BVB-Boss Ricken verrät über Moukoko-Transfer: „Hatte große Bedenken“

„Ich hatte damals große Bedenken, ihn zu verpflichten“, gesteht der BVB-Nachwuchschef im Gespräch mit den Ruhr Nachrichten (Bezahlinhalt). Youssoufa Moukoko war damals erst elf Jahre alt und kickte in der Jugend des FC Sankt Pauli.

Ricken hatte verständlicherweise Skrupel, einen solch jungen Spieler aus seinem persönlichen Umfeld zu reißen und ihn zur Dortmunder Borussia zu lotsen.
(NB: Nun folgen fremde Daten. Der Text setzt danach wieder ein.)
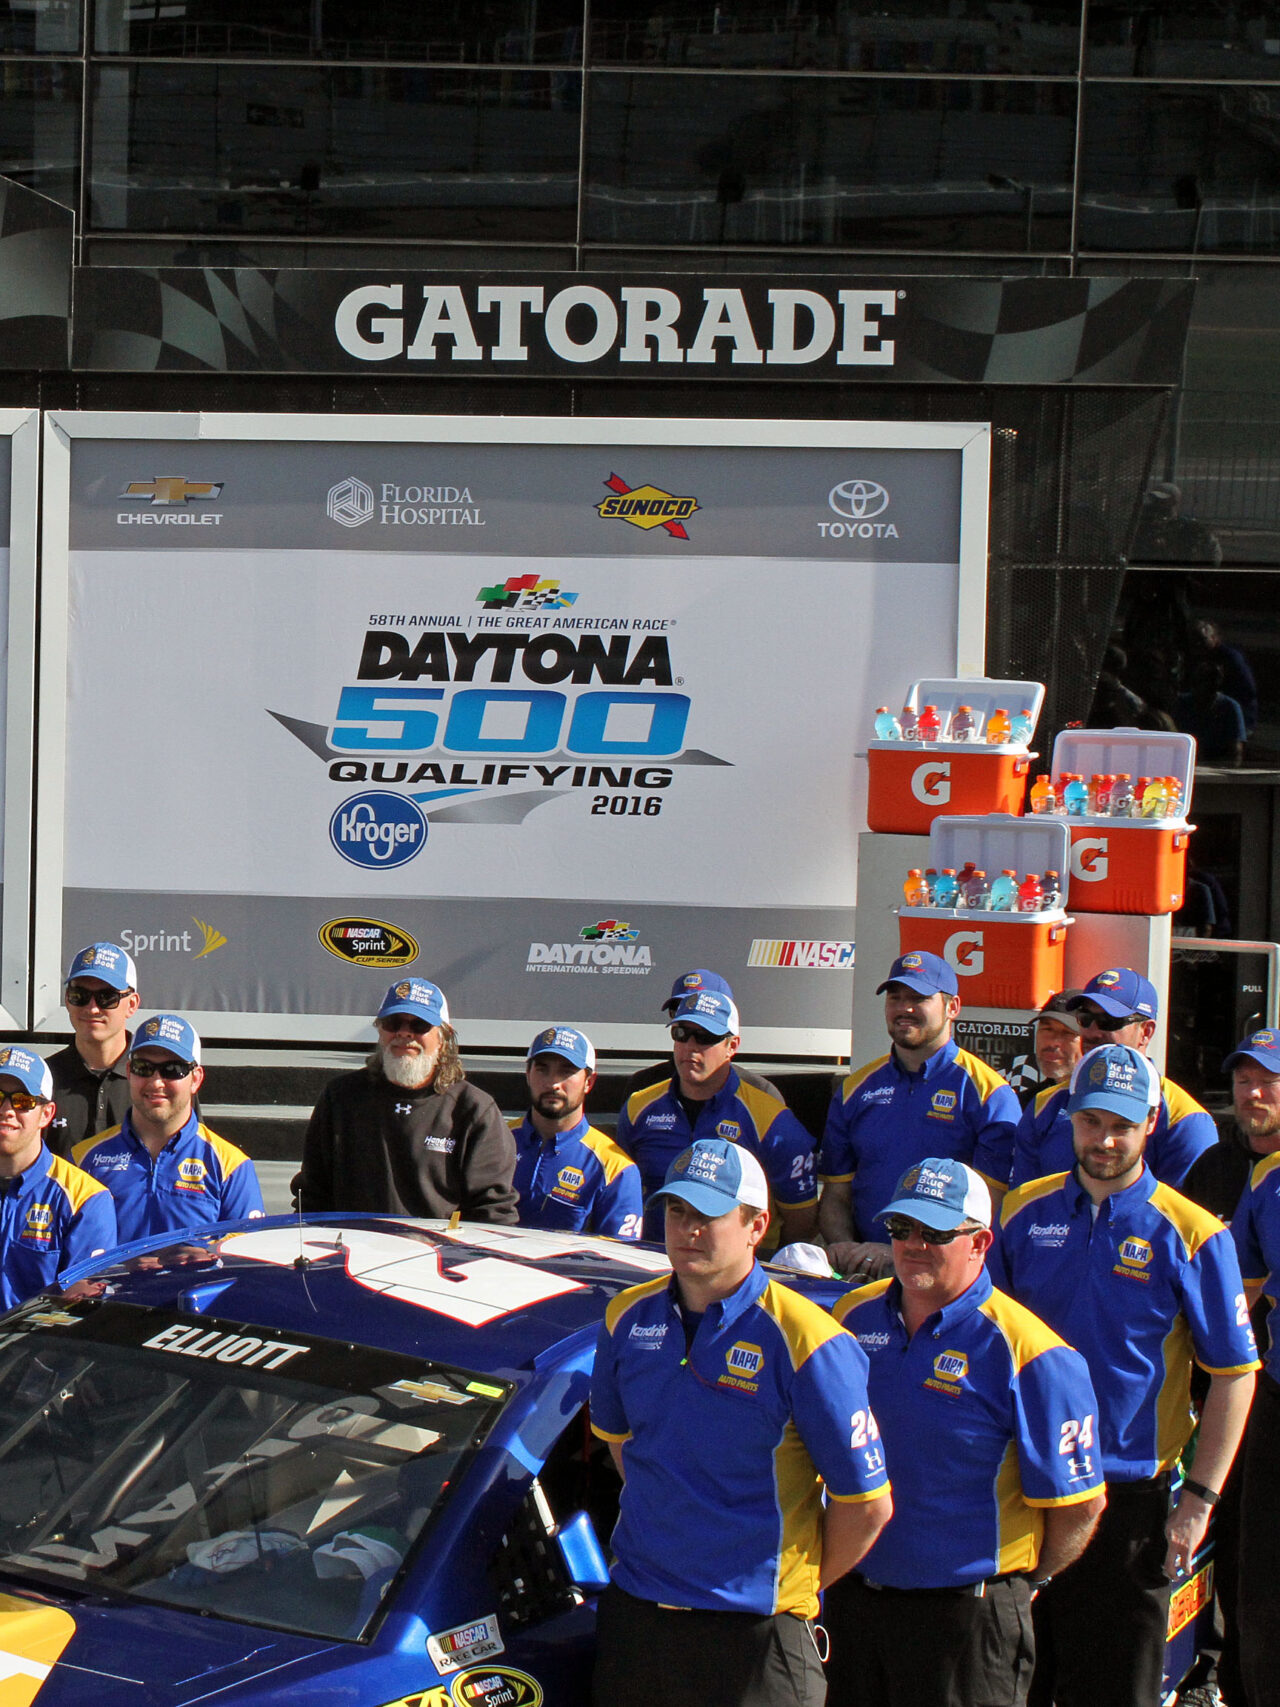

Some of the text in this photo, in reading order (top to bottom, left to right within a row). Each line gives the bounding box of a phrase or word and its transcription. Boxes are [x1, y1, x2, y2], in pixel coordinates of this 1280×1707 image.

[334, 284, 897, 365] GATORADE
[380, 483, 474, 503] FLORIDA
[380, 505, 486, 525] HOSPITAL
[602, 499, 693, 517] SUNOCO
[117, 513, 223, 525] CHEVROLET
[817, 521, 900, 539] TOYOTA
[369, 614, 669, 631] 58TH ANNUAL THE GREAT AMERICAN RACE
[357, 631, 673, 686] DAYTONA
[331, 686, 692, 755] 500
[328, 761, 674, 788] QUALIFYING
[911, 762, 951, 806] G
[591, 795, 662, 816] 2016
[341, 803, 420, 860] Kroger
[1070, 837, 1108, 882] G
[347, 927, 381, 938] NASCAR
[120, 929, 191, 957] Sprint
[352, 939, 385, 953] Sprint
[375, 956, 408, 964] SERIES
[527, 943, 653, 967] DAYTONA
[790, 941, 855, 968] NASC
[943, 931, 984, 976] G
[525, 964, 651, 975] INTERNATIONAL SPEEDWAY
[695, 1005, 716, 1016] Book
[956, 1022, 1030, 1036] GATORADE
[1108, 1071, 1132, 1081] Blue
[932, 1094, 956, 1108] NAPA
[646, 1113, 677, 1126] Hendrick
[718, 1124, 741, 1139] NAPA
[690, 1157, 717, 1172] Blue
[694, 1149, 726, 1166] Kelley
[791, 1153, 815, 1179] 24
[182, 1163, 202, 1175] NAPA
[560, 1169, 583, 1187] NAPA
[687, 1166, 717, 1182] Book
[916, 1183, 944, 1199] Book
[919, 1176, 944, 1190] Blue
[619, 1213, 643, 1239] 24
[1123, 1242, 1148, 1261] NAPA
[142, 1324, 311, 1370] ELLIOTT
[857, 1332, 890, 1345] ndrick
[730, 1350, 759, 1371] NAPA
[938, 1354, 964, 1376] NAPA
[718, 1374, 759, 1392] AUTO PARTS
[924, 1377, 940, 1388] AUTO
[851, 1406, 879, 1449] 24
[1059, 1415, 1094, 1455] 24
[454, 1622, 489, 1650] NASCAR
[439, 1642, 497, 1667] RACE CAR
[476, 1675, 504, 1696] NASCAR
[485, 1689, 515, 1707] Sprint
Schlussendlich kam der Wechsel dennoch zustande.

BVB: Ricken ließ sich bei Transfer von Youssoufa Moukoko überzeugen

Schließlich war es Youssoufa Moukokos Berater, der seinen Schützling mit dem Hinweis, dass dieser ohnehin wechseln werde, beim BVB anbot. „Sein Berater hat damals zu mir gesagt: ‚Ich sehe ihn bei euch, weil ihr bewiesen habt, dass ihr gut mit jungen Spielern umgehen könnt“, verrät Ricken.
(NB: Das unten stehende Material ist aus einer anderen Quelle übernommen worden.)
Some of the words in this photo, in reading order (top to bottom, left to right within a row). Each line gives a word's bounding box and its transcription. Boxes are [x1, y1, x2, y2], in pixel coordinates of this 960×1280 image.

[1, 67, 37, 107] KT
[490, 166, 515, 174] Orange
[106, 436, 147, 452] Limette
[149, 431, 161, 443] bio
Youssoufa Moukoko wäre beinahe gar nicht beim BVB gelandet – Lars Ricken hatte große Bedenken.

„Deswegen haben wir ihn bekommen. Also habe ich mich mehr oder weniger breitschlagen lassen, ihn bei uns aufzunehmen“, führt der 46-Jährige fort.
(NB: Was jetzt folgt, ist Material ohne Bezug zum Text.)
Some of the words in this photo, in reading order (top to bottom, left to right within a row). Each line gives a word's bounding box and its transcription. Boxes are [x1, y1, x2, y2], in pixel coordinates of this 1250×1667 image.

BVB-Juwel Youssoufa Moukoko europaweit begehrt

Der BVB kann sich glücklich schätzen, dass Youssoufa Moukoko vor rund sechseinhalb Jahren den Weg an die Dortmunder Strobelallee fand. Denn inzwischen ist der 18-Jährige einer der begehrtesten Jungprofis Europas.

Aktuell gibt es noch kaum einen Topklub, der nicht mit einem Wechsel der Sturmhoffnung in Verbindung gebracht wird. Als ärgster Konkurrent gilt aktuell der FC Chelsea, dessen Transfer-Avancen sich der BVB bei Youssoufa Moukoko erwehren muss.

BVB mit neuem Vertrag bei Youssoufa Moukoko auf gutem Weg

Begehrlichkeiten wecken allen voran die noch unklare Vertragssituation des Nationalspielers. Im Sommer 2023 läuft sein Arbeitspapier bei der Dortmunder Borussia aus. Er wäre somit ablösefrei zu haben.

Die Ruhr Nachrichten berichteten zuletzt zwar, dass die Verhandlungen um einen neuen Vertrag auf einem guten Weg seien. Der Berater von Youssoufa Moukoko droht dem BVB aber: „Seien Sie sich gewiss: Wir machen unseren Job! Ein Spieler wie Youssoufa ist für alle Topklubs auf dieser Welt interessant. Erst recht, wenn er ablösefrei ist und eine Zukunft in der deutschen Nationalmannschaft hat.“ Man befinde sich mit dem Verein weiterhin in Gesprächen.